- **Aim of the task**
The records that follow must be reproduced in full, with every picture excluded.

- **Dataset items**
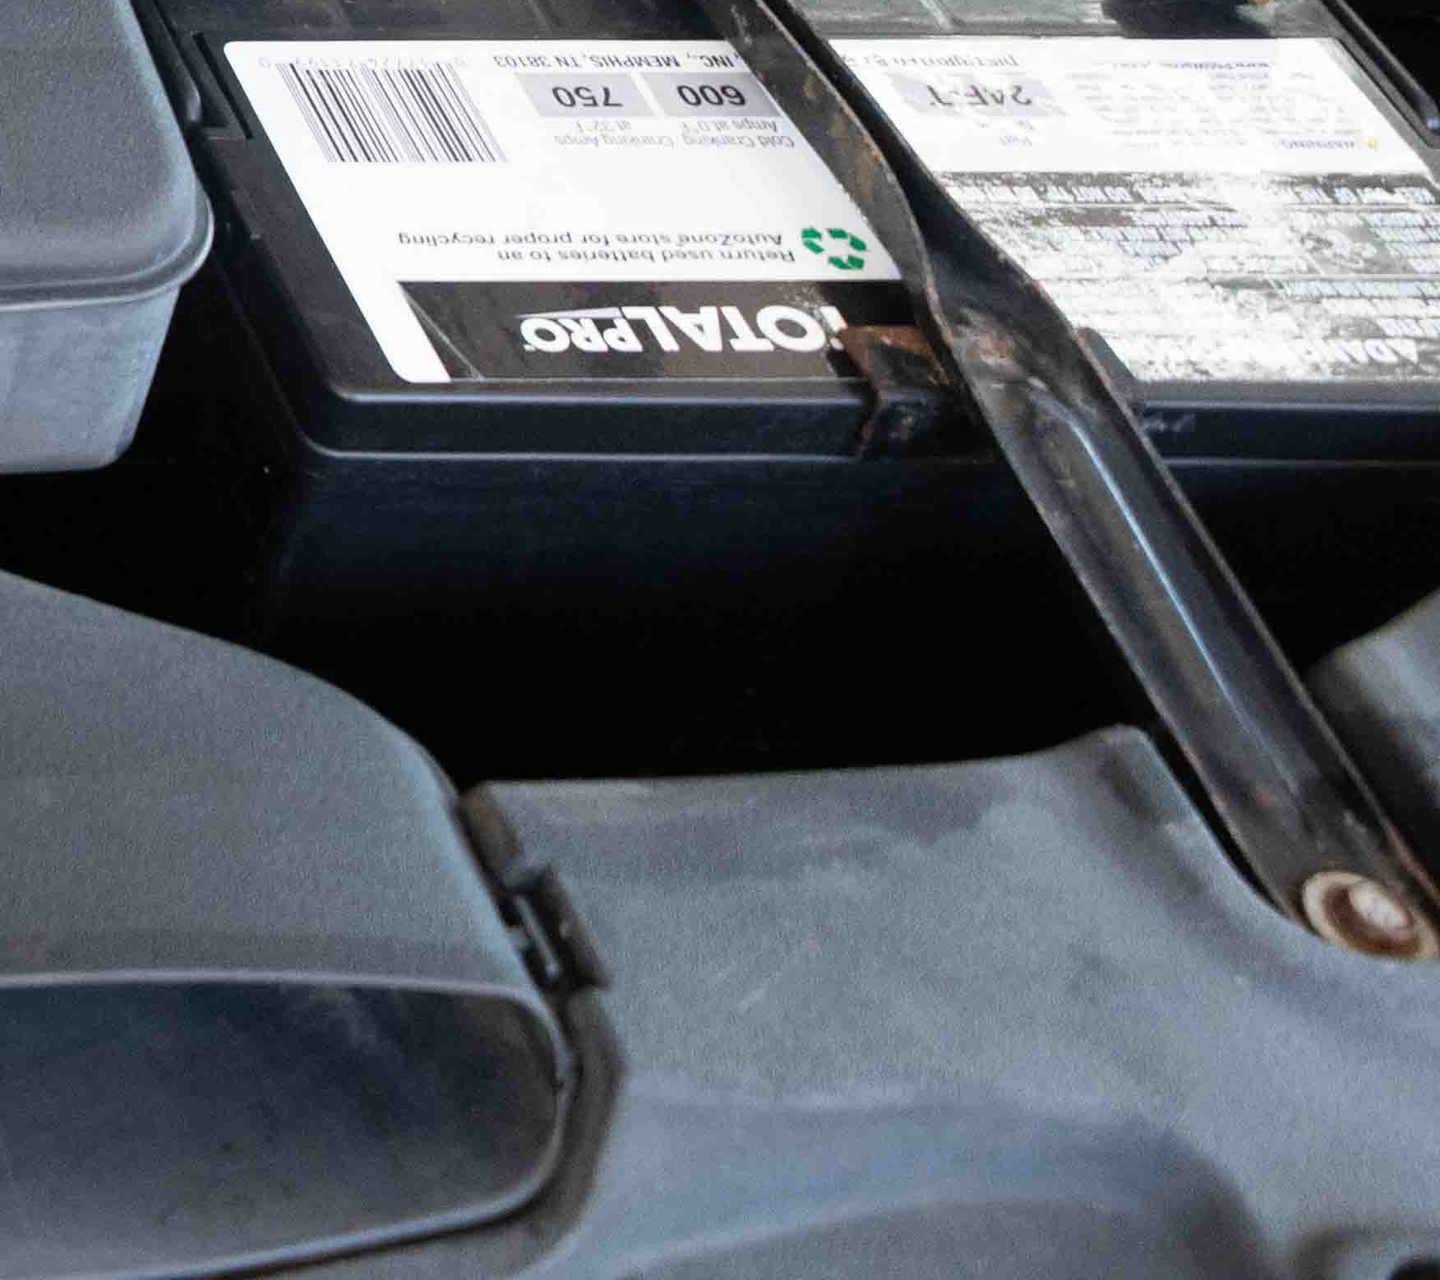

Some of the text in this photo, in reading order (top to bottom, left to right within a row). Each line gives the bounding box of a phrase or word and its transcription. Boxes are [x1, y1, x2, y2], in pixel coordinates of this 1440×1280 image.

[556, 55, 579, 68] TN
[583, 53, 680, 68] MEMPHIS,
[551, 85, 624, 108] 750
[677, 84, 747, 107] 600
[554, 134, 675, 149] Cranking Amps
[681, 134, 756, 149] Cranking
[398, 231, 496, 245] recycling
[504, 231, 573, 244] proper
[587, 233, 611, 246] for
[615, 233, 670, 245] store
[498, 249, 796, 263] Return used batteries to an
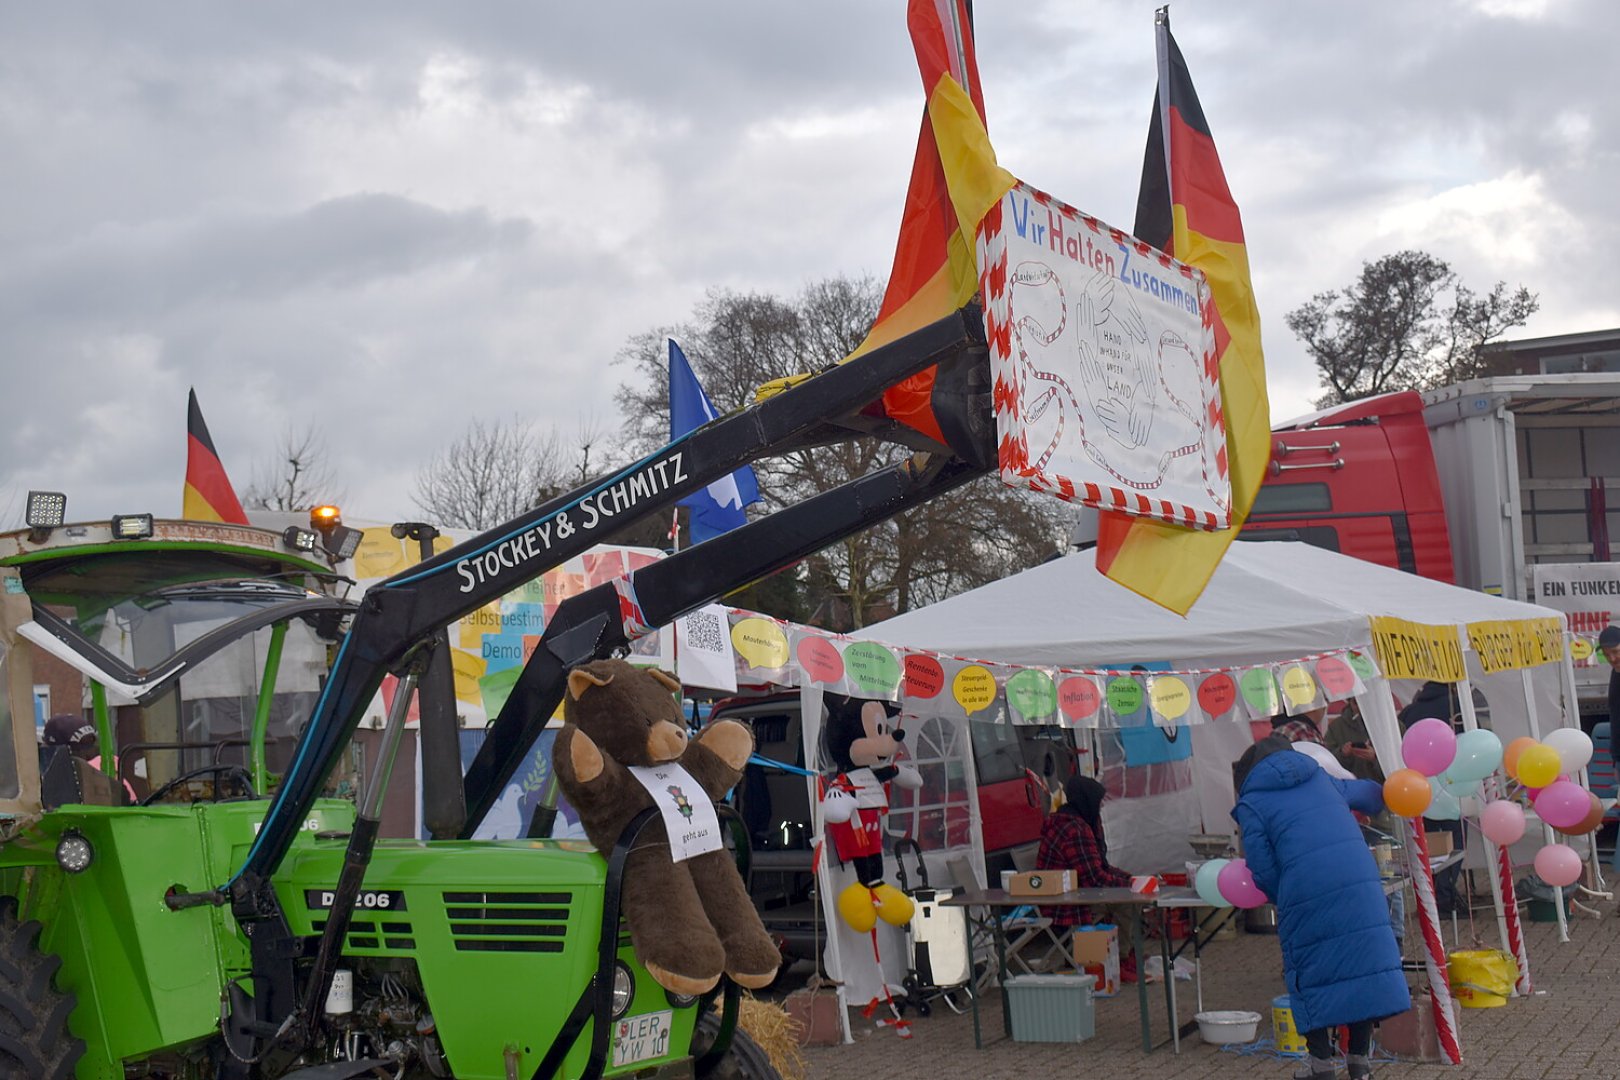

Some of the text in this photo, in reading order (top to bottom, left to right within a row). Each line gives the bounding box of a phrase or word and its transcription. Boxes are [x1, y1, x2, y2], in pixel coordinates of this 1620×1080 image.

- **Answer to this task**
Some of the text in this photo, in reading order (top to bottom, left to right within a row). Each line gives the bounding box of a phrase or word and its transcription. Boxes are [x1, y1, x2, y2], in pixel coordinates of this 1440×1280 image.

[556, 55, 579, 68] TN
[583, 53, 680, 68] MEMPHIS,
[551, 85, 624, 108] 750
[677, 84, 747, 107] 600
[554, 134, 675, 149] Cranking Amps
[681, 134, 756, 149] Cranking
[398, 231, 496, 245] recycling
[504, 231, 573, 244] proper
[587, 233, 611, 246] for
[615, 233, 670, 245] store
[498, 249, 796, 263] Return used batteries to an

Some of the text in this photo, in reading order (top to bottom, left to right within a row). Each line gives the bounding box of a phrase or word and its transcription. Boxes are [x1, y1, x2, y2], in pixel coordinates of this 1620×1080 image.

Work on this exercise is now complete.